Ken Connor, president of the Family Research Council, said, "Once again judicial activists have used their fertile imagination to create rights that simply don't exist in the Constitution. In doing so, they have imposed their own moral judgments in place of state legislatures and have thereby undermined the democratic process."

Connor went on to warn that the "radical homosexual lobby" will use the decision to extend "a blanket privacy protection over one's choice of sexual partner to one's choice of marital partner as well -- regardless of sex."

While gay-rights activists and civil libertarians have denounced such blanket statements as hyperbole, some of the conservatives' nightmares may already be coming true.

In the recent decision, the Supreme Court voted 6-3 to overturn a Texas law that banned "sodomy" -- a term for any kind of non-vaginal sexual intercourse -- for homosexuals but not for heterosexuals. Five of the six justices in the majority claimed the law violated the 14th Amendment's guarantees of due process and privacy and implied that the law also violated that amendment's equal-protection clause.

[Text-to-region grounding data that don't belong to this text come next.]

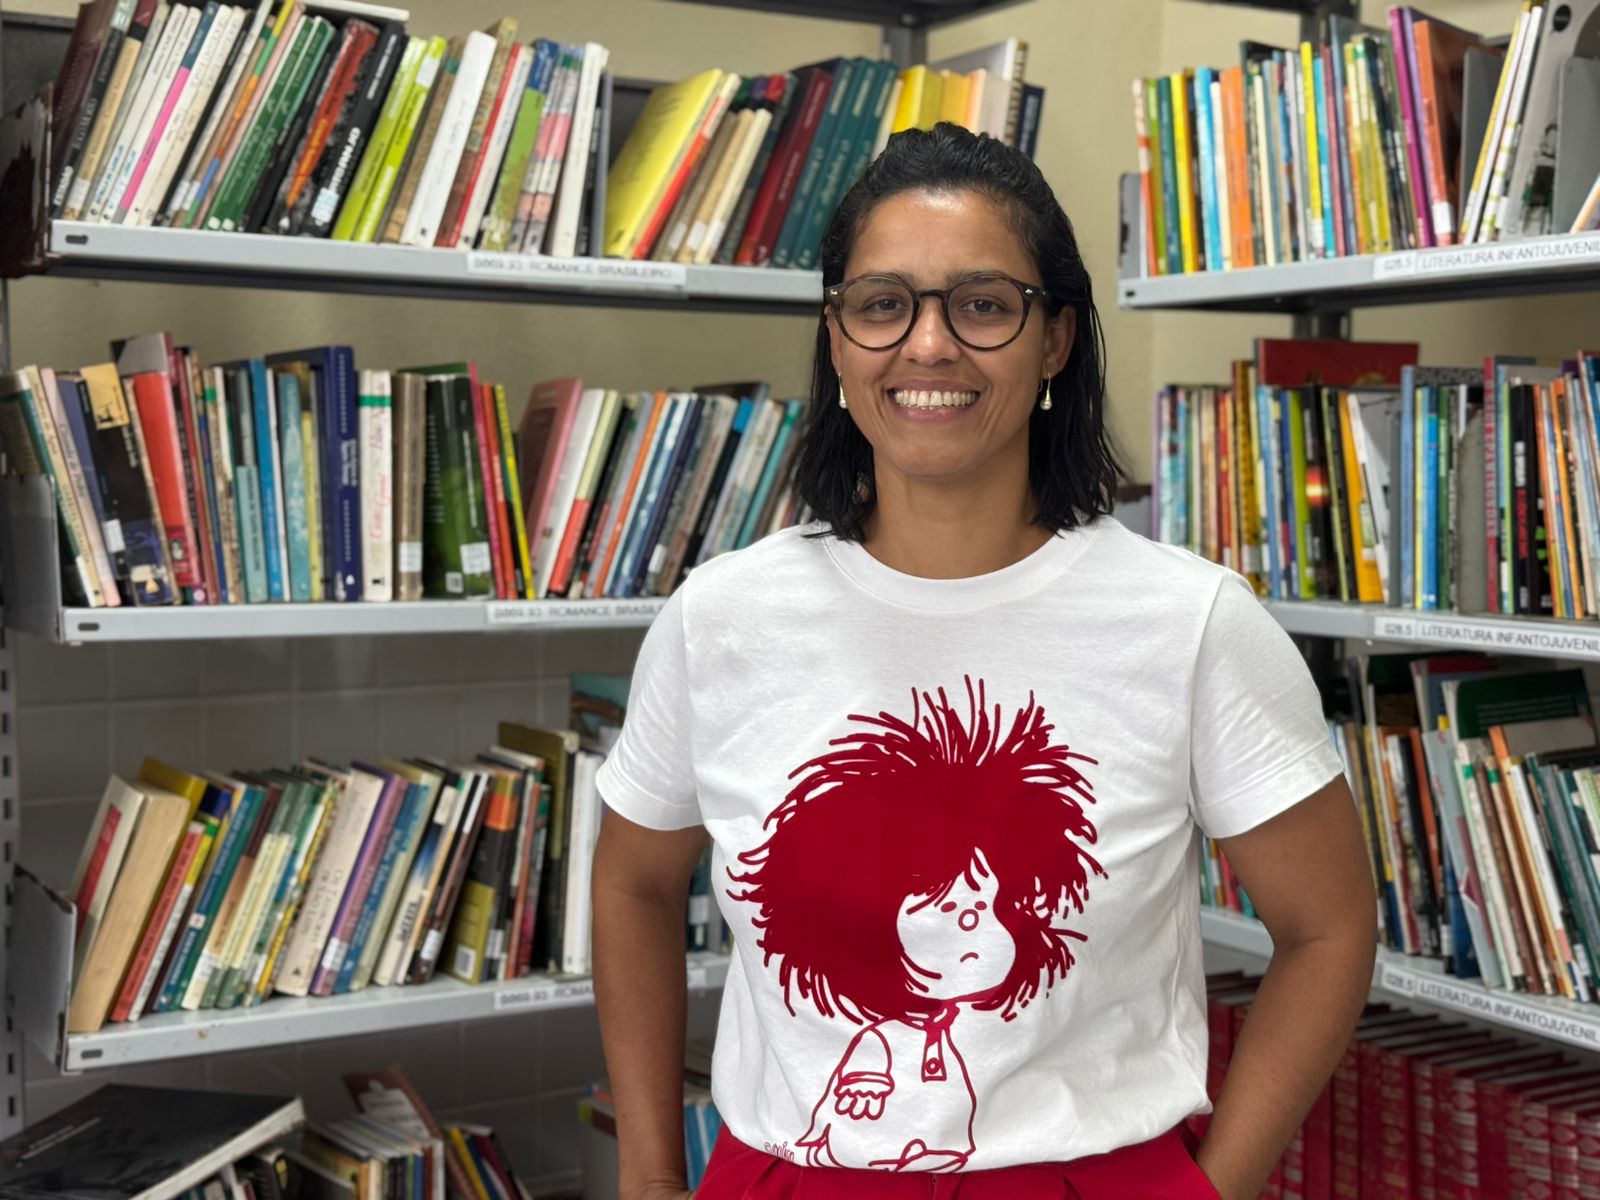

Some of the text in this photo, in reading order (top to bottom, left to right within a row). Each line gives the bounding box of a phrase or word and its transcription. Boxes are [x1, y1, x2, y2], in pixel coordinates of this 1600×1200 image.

[1422, 251, 1494, 269] LITERATURA
[1497, 240, 1600, 261] INFANTOJUVENIL
[530, 261, 594, 275] ROMANCE
[600, 264, 672, 279] BRASILEIRO
[550, 605, 610, 618] ROMANCE
[615, 603, 664, 617] BRASILE
[1421, 624, 1494, 641] LITERATURA
[1497, 630, 1600, 651] INFANTOJUVENIL
[1420, 981, 1493, 1011] LITERATURA
[1494, 1001, 1599, 1044] INFANTOJUVENIL

The court's ruling was unexpectedly broad, explicitly embracing the right-to-privacy argument and implicitly embracing the equal- protection argument.

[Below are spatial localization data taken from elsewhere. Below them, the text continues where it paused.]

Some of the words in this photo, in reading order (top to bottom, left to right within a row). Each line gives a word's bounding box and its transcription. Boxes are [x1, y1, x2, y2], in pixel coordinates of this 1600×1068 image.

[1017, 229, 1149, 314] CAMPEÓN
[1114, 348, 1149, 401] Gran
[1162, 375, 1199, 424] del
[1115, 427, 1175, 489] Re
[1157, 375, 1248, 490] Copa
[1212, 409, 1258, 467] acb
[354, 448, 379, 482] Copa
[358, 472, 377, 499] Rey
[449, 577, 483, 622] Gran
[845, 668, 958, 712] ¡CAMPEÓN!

The decision means all bans on consensual, adult sodomy -- for gays and heterosexuals alike -- violate the right to privacy that the majority of the court believes exists in the 14th Amendment.

In the case, two Houston men were arrested, convicted and fined in 1998. The men appealed, claiming the statute under which they were convicted violated their rights to privacy and equal protection.

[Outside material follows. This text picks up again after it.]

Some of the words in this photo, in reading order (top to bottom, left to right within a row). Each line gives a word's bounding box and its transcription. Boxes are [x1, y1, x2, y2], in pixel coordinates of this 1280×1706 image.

The recent decision has already had legal ramifications. On June 27, the day after the Lawrence decision was announced, the Supreme Court invalidated a sodomy conviction that a Kansas teenager received for having sex with a younger boy. Kansas law imposed a harsher penalty on same-sex violators of the state's age-of-consent law than it did on opposite-sex violators.

On the same day, a New Jersey judge asked for additional written arguments, in light of the new court decision, on a case in which seven gay couples are suing the state for the right to marry.

And a Massachusetts court is hearing arguments in a case many experts believe will expand that state's marriage laws to include homosexual marriage, given the Supreme Court's new ruling.

"Our victory last week was just the beginning," said Kevin Cathcart, executive director of the Lambda Legal Defense and Education Fund, in a July 2 press release. "We're on stronger ground than ever before to fight for gay couples, parents, employees and students -- to win fairness in every area of life."

But conservatives are already fighting back on the issue of gay marriage. Senate Majority Leader Bill Frist (R-Tenn.) announced June 29 he will support a constitutional amendment, already pending in Congress, that would not only ban recognition of same-sex marriage on the federal level but also invalidate any state or municipal law that confers either marriage or its corresponding benefits on gay couples.

"I very much feel that marriage is a sacrament and that sacrament should extend and can extend to that legal entity of a union between what is traditionally in our Western values been defined as between a man and a woman," Frist said on ABC's "This Week" program.

But White House spokesman Ari Fleischer declined to say June 30 if President Bush supports the proposed amendment, which has been introduced in the House but not yet in the Senate.

Where the Lawrence decision may have its most immediate effect is in custody battles and other day-to-day struggles in the lives of gay and lesbian Americans. According to several gay-rights groups, courts and government agencies have repeatedly cited sodomy laws in denying homosexuals custody rights, state certifications and other legal advantages. The laws are often cited in states with sodomy statutes because the court assumes that homosexuals are, by their nature, lawbreakers.

Cathcart said in the four days since the ruling, Lambda Legal's help desks around the country "have received scores of calls and e-mails from people who were fired from their jobs, lost custody of their children or otherwise faced discrimination because they're gay.

"We have a long road ahead of us, and this ruling will help propel us forward," he added.